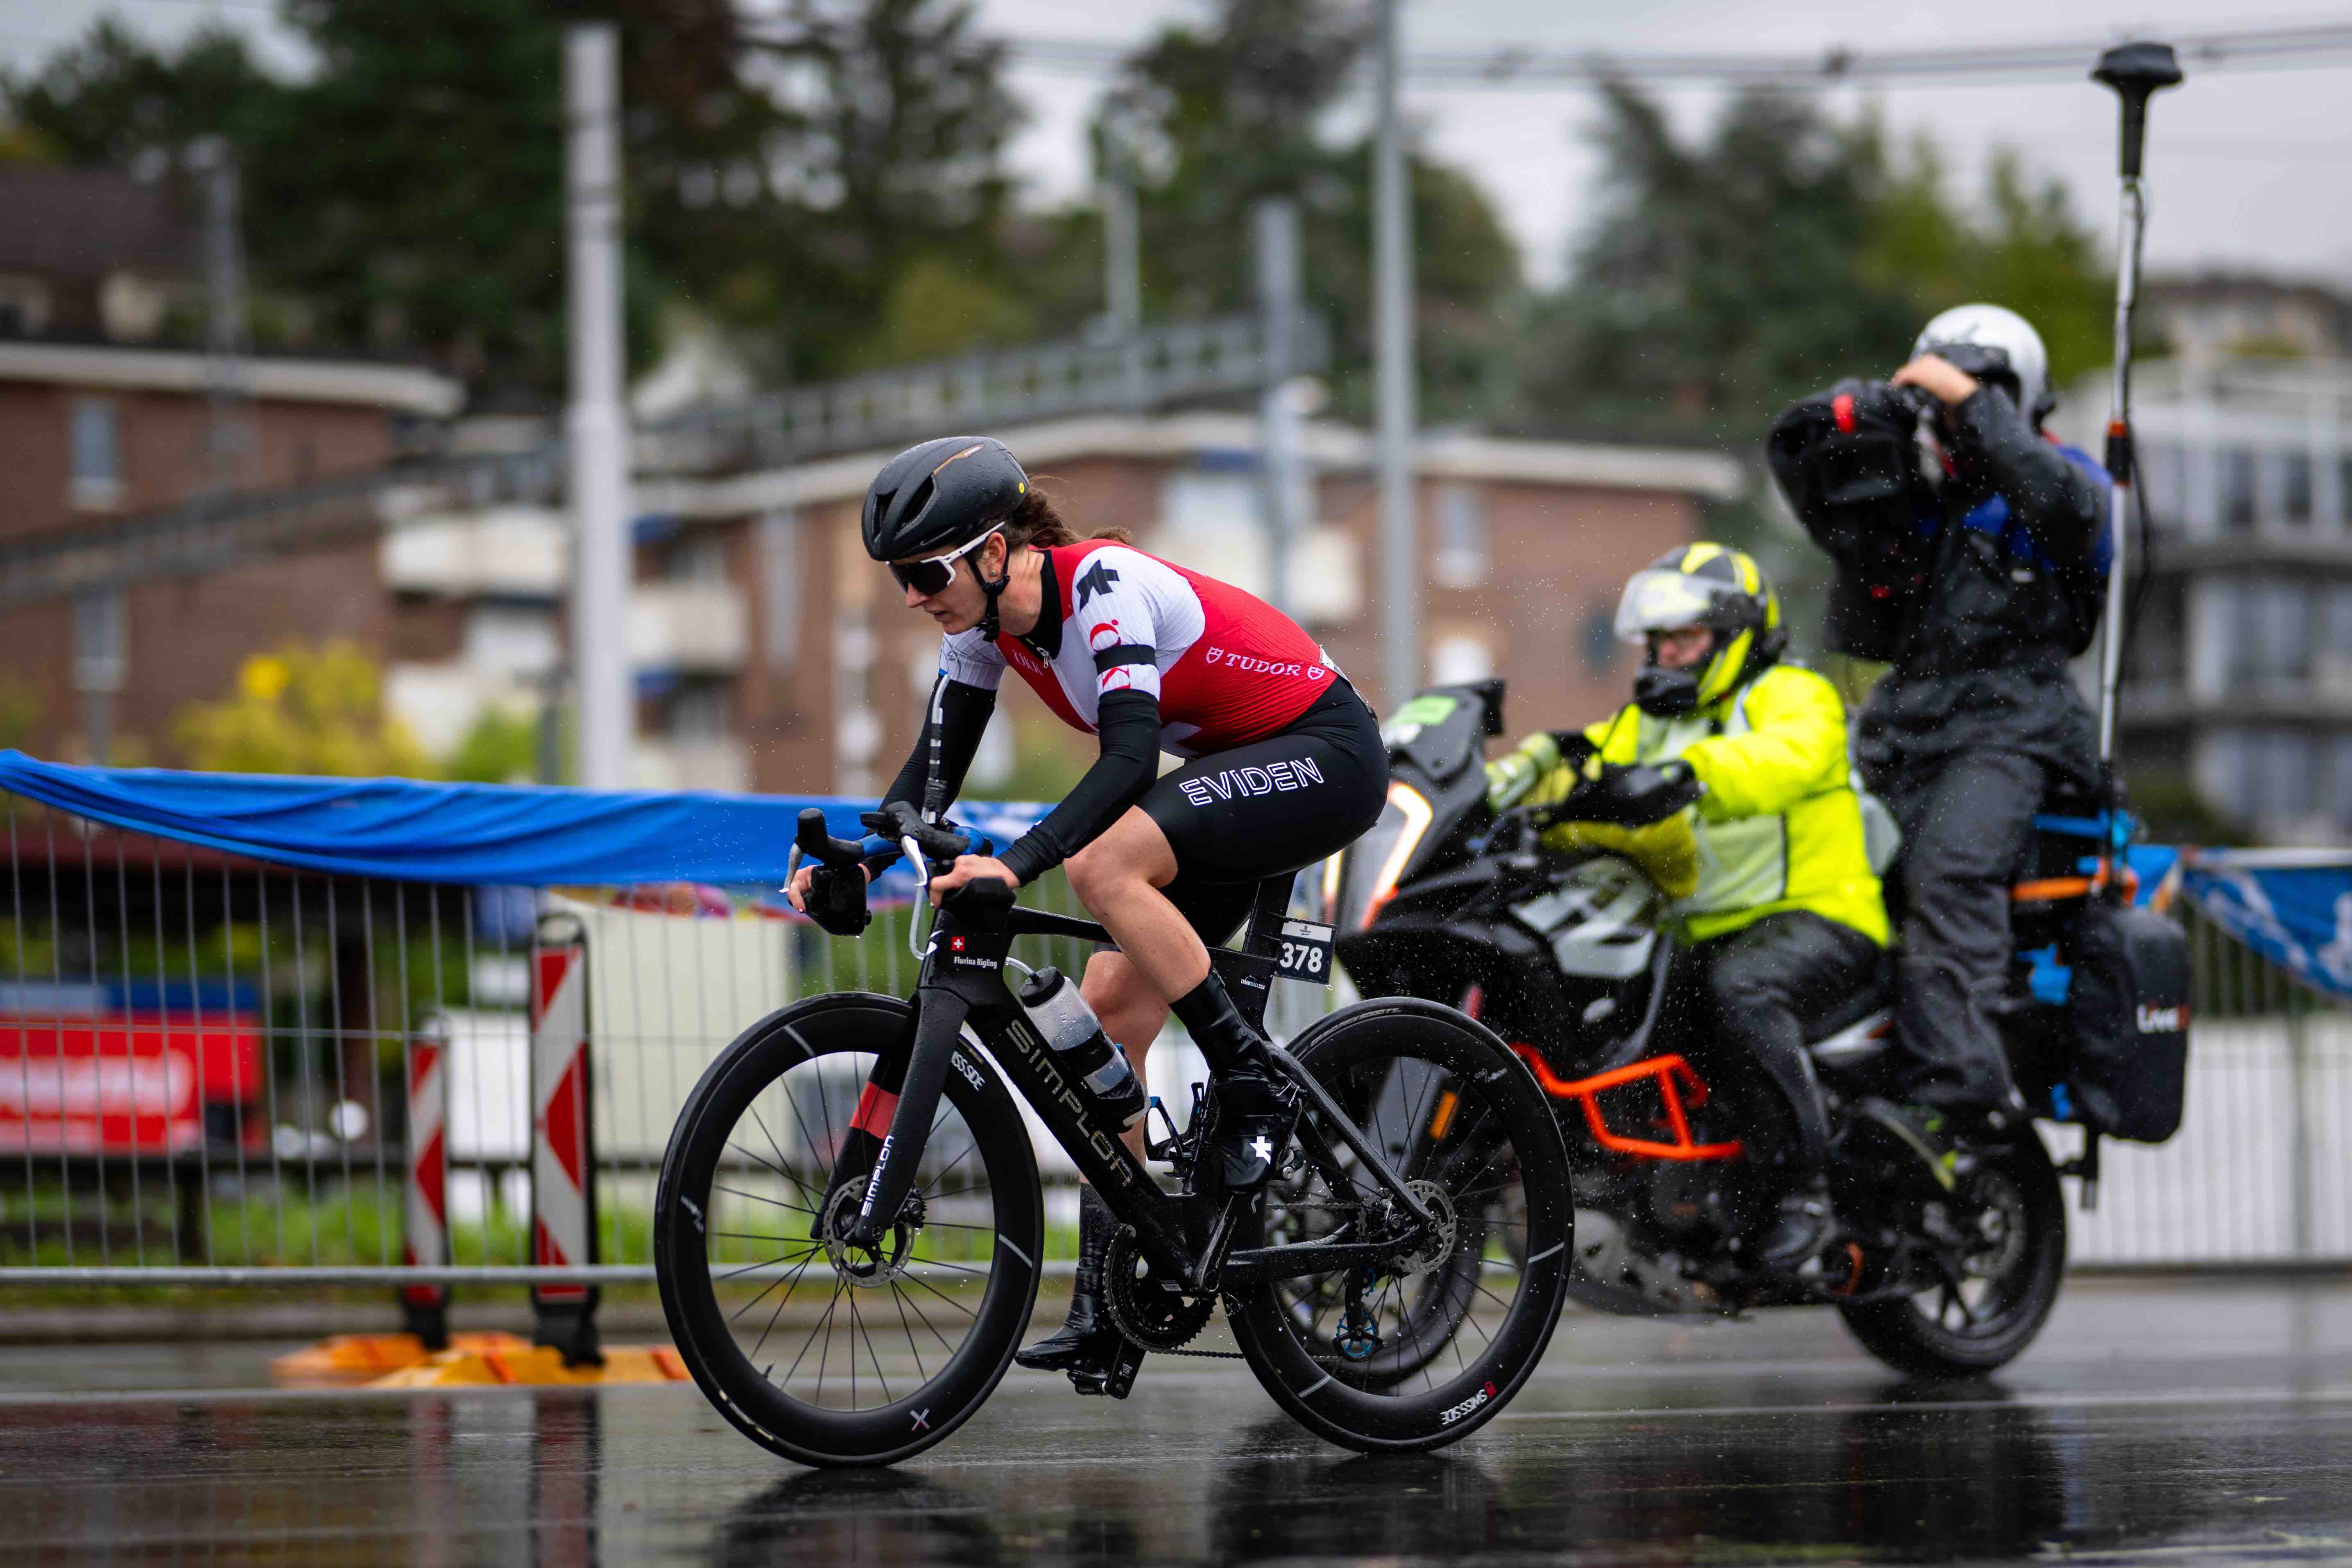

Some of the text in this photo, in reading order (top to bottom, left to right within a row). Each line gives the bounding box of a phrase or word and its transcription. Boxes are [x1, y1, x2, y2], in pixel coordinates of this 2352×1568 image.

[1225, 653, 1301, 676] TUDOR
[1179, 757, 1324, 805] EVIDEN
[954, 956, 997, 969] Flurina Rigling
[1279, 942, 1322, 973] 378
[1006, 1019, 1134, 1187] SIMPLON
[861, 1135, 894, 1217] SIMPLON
• • • • • • •
Transcribe the records in full and exactly. Pictures stay out.

> ANSWER SPACE:
Some of the text in this photo, in reading order (top to bottom, left to right within a row). Each line gives the bounding box of a phrase or word and its transcription. Boxes are [x1, y1, x2, y2], in pixel coordinates of this 2352×1568 image.

[1225, 653, 1301, 676] TUDOR
[1179, 757, 1324, 805] EVIDEN
[954, 956, 997, 969] Flurina Rigling
[1279, 942, 1322, 973] 378
[1006, 1019, 1134, 1187] SIMPLON
[861, 1135, 894, 1217] SIMPLON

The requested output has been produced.